It was true treaties had been made, but no treaty had been made since the adoption of the present Government, by Ministers Resident at any Court at the time. If any benefits were derived to the country from the British treaty, they must be attributed to the Envoy Extraordinary, and not to our Minister at that court. And when our treaty with Spain was concluded, it was necessary to send a Minister Resident to another Court to do the business. Since our treaties were always made by special Envoys, what advantage could it be to have numerous Ministers Plenipotentiary in Europe? In the present | critical situation of the country, agitated as it was to the centre, was it not to be apprehended that our Ministers would participate, in some degree, in the party spirit which there abounded, and rank themselves on one side or the other, which would have a tendency to draw this country into a vortex from which we were so happily separated by the Atlantic? We were the only nation, he said, who possessed a Government on a firm foundation, in which civil and religious liberty was fully recognized; we, therefore, enjoyed what the people of Europe were seeking after. We have nothing to wish, except to remain in our present situation. Why, then, should we hazard the being involved in European broils? He had before stated that Consuls were equal to every commercial regulation, and he had heard nothing to change his opinion. Seeing, therefore, that these diplomatic agents were rather dangerous than useful, he thought it time to put a stop to their increase.

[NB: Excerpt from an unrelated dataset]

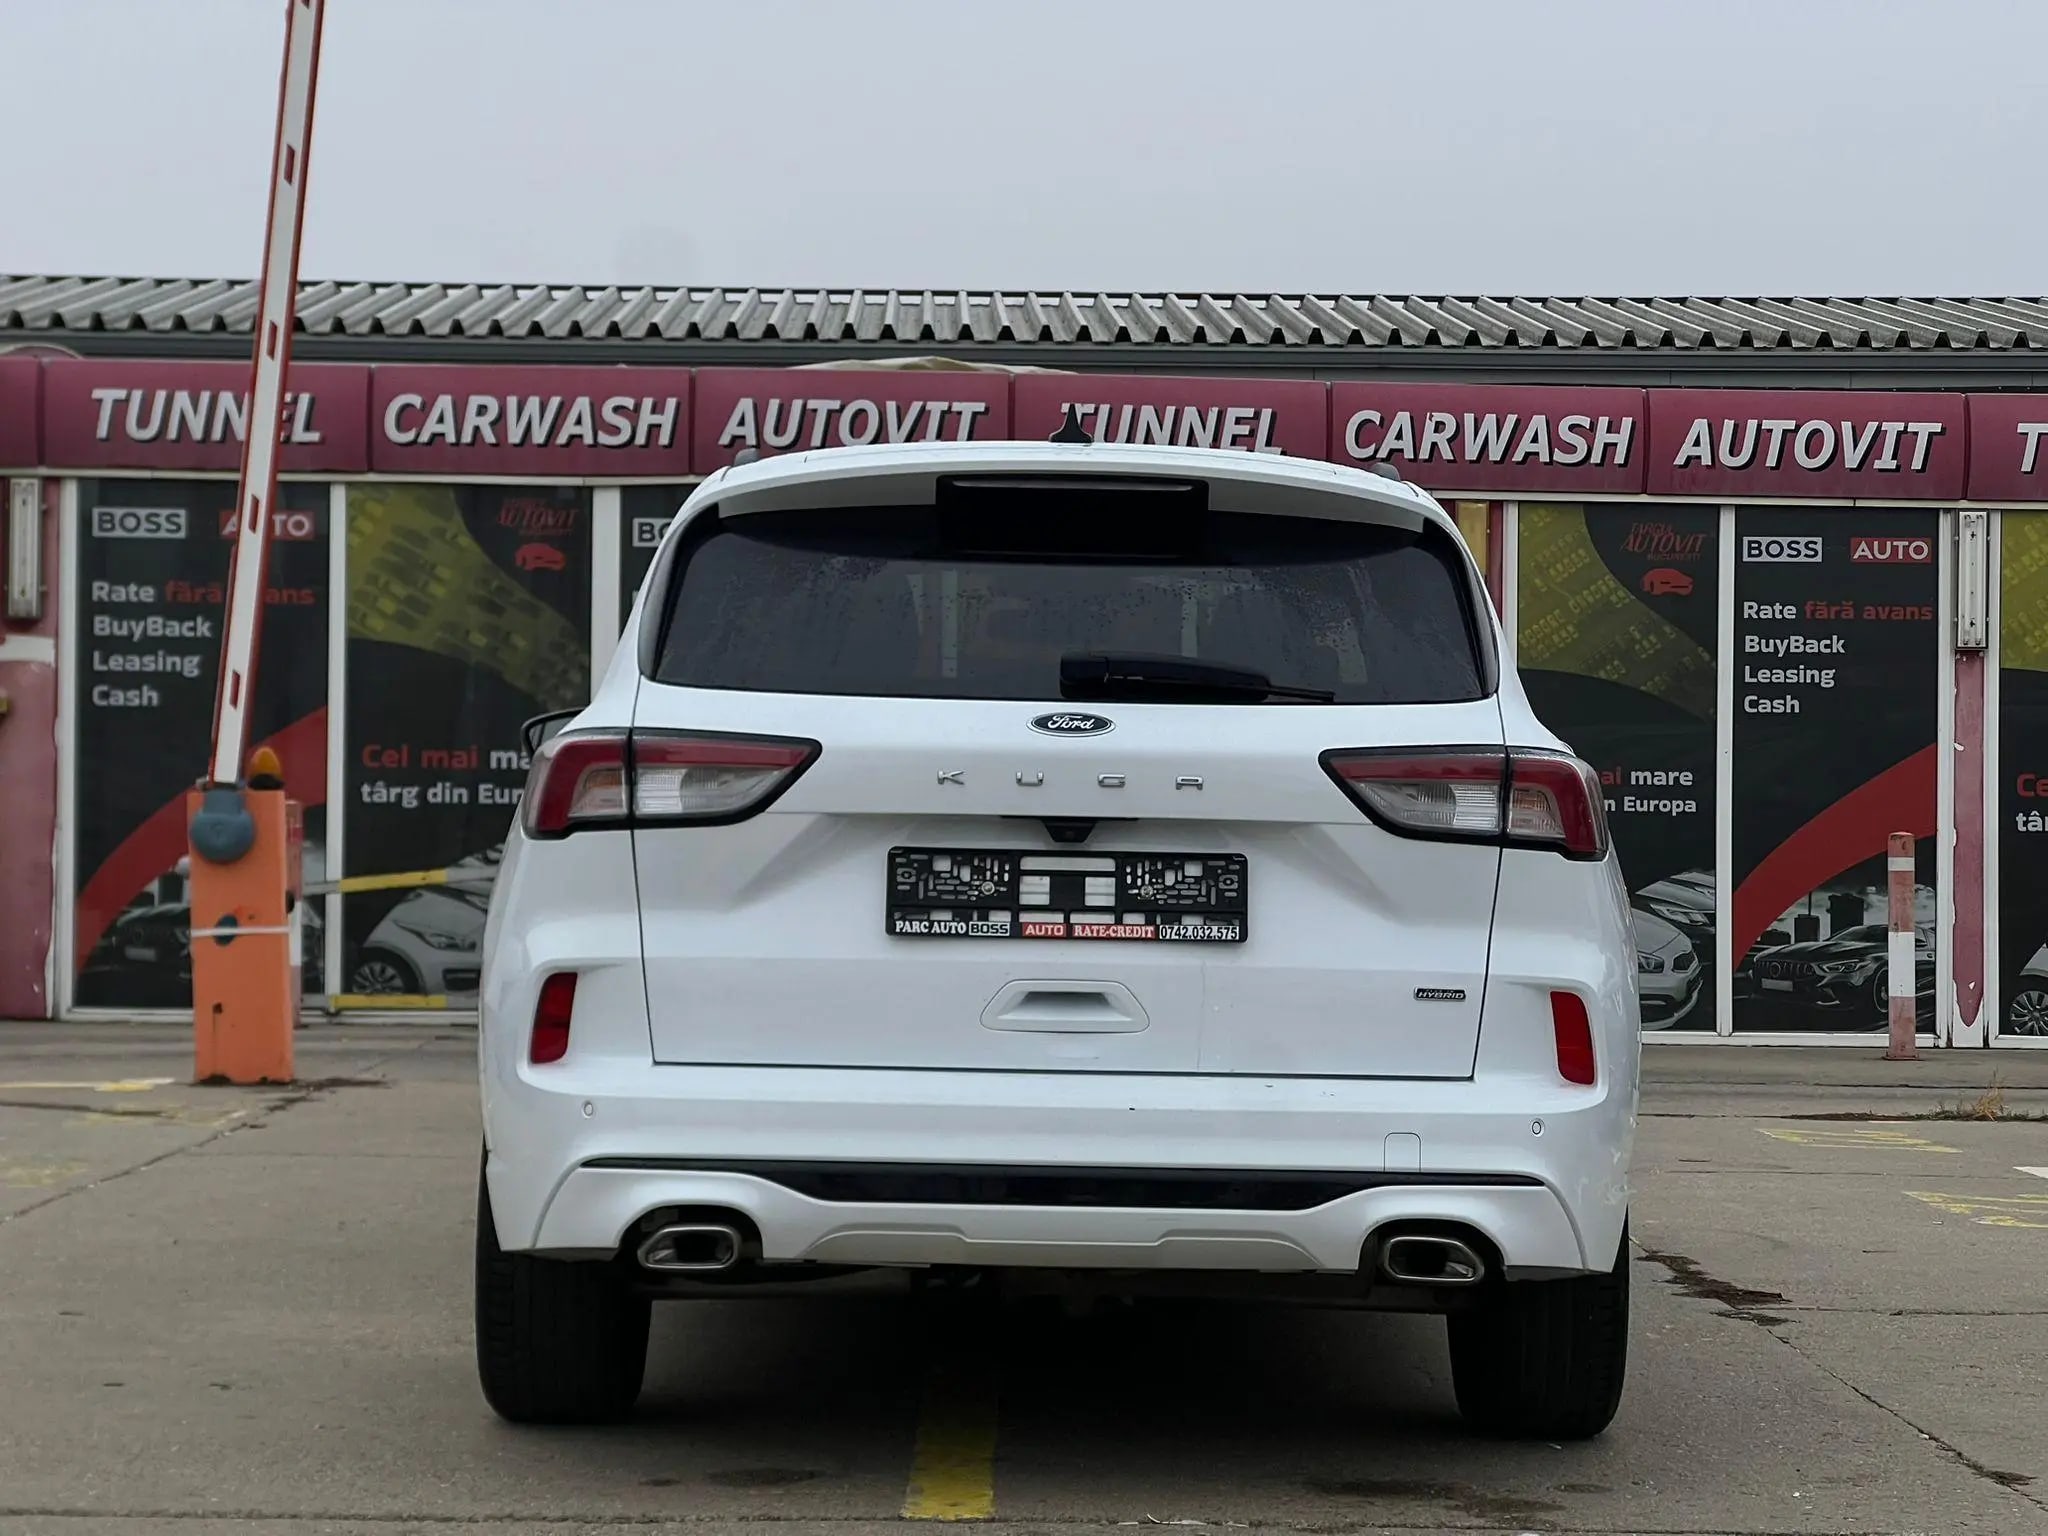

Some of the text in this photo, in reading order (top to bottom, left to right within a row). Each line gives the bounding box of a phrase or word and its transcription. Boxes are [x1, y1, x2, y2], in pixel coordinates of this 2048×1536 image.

Mr. BAYARD began his observations by remarking, that the gentleman from Virginia had said that it was not his design that his motion should have an immediate effect upon the Ministers at present employed. If the gentleman was sincere in his avowal, it was clear that he did not understand his own motion; for whatever amendment was introduced into the third section, which the gentleman had intimated might be so amended as to give the regulation a distant operation, as it only related to the sum of money to be appropriated, it would not enable the President to employ a Minister Plenipotentiary, besides those at London and Paris, at a higher salary than $4,500.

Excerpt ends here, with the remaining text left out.